### Extracted data entries

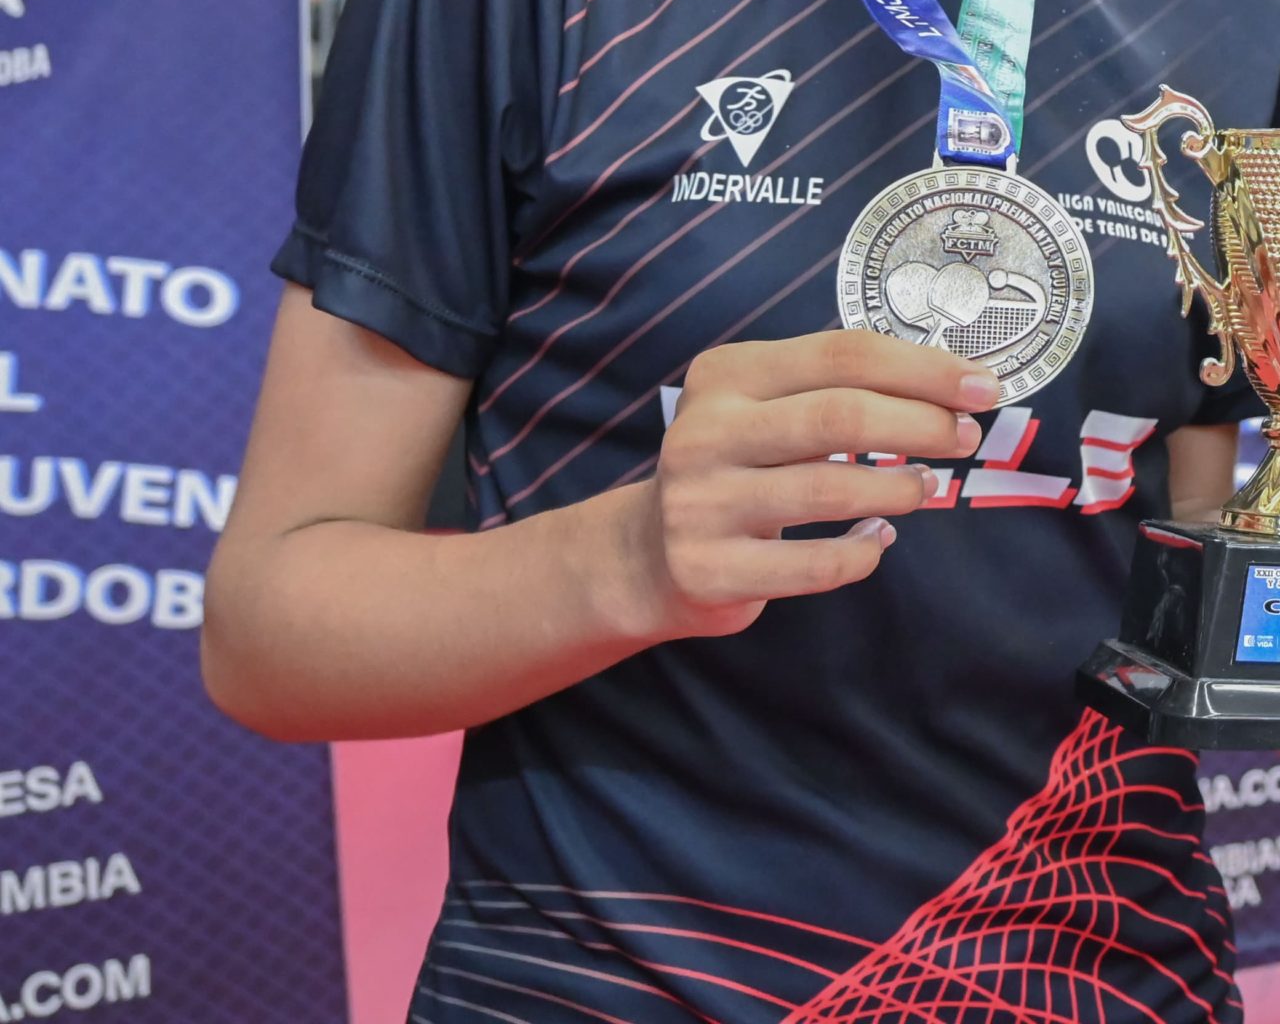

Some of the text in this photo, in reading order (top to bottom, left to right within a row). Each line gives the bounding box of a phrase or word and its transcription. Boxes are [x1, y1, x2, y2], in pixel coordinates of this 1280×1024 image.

[671, 171, 825, 205] INDERVALLE
[947, 238, 993, 251] FCTM
[1096, 219, 1139, 241] TENIS
[865, 202, 926, 278] CAMPEONATO
[922, 191, 990, 213] NACIONAL
[990, 197, 1057, 260] PREINFANTIL
[1045, 269, 1069, 325] JUVENIL
[0, 247, 241, 328] NATO
[1256, 569, 1274, 578] XXII
[0, 760, 103, 818] ESA
[0, 852, 142, 915] MBIA

### Problem statement
Output all the records above again exactly, with the pictures dropped.

### Response
Some of the text in this photo, in reading order (top to bottom, left to right within a row). Each line gives the bounding box of a phrase or word and its transcription. Boxes are [x1, y1, x2, y2], in pixel coordinates of this 1280×1024 image.

[671, 171, 825, 205] INDERVALLE
[947, 238, 993, 251] FCTM
[1096, 219, 1139, 241] TENIS
[865, 202, 926, 278] CAMPEONATO
[922, 191, 990, 213] NACIONAL
[990, 197, 1057, 260] PREINFANTIL
[1045, 269, 1069, 325] JUVENIL
[0, 247, 241, 328] NATO
[1256, 569, 1274, 578] XXII
[0, 760, 103, 818] ESA
[0, 852, 142, 915] MBIA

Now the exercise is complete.